# Problem requirements
Below are records to be repeated exactly. Leave their pictures behind.

───── Input

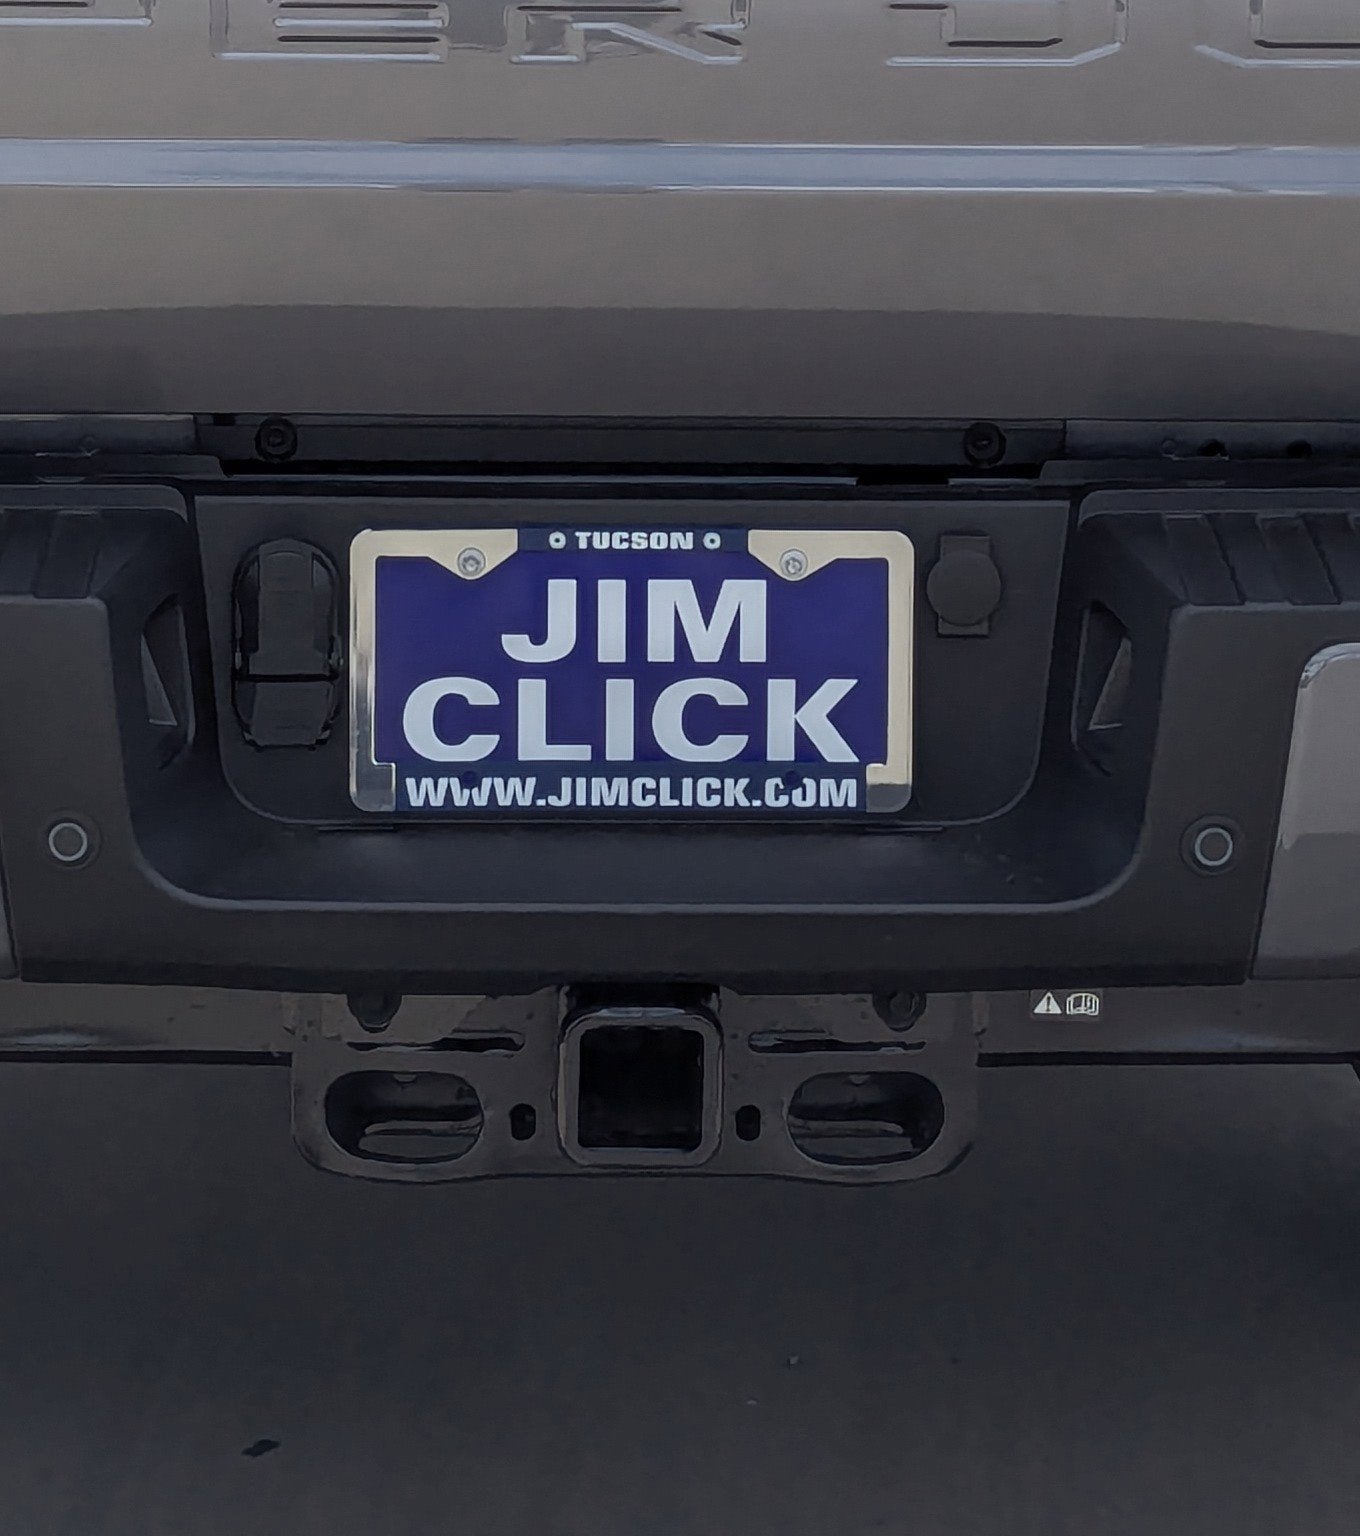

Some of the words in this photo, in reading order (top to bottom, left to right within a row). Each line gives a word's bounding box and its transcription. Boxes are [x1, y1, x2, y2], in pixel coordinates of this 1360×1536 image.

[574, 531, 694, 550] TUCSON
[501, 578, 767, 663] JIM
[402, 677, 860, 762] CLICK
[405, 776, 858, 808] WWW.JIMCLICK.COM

──────────

# Written solution
Some of the words in this photo, in reading order (top to bottom, left to right within a row). Each line gives a word's bounding box and its transcription. Boxes are [x1, y1, x2, y2], in pixel coordinates of this 1360×1536 image.

[574, 531, 694, 550] TUCSON
[501, 578, 767, 663] JIM
[402, 677, 860, 762] CLICK
[405, 776, 858, 808] WWW.JIMCLICK.COM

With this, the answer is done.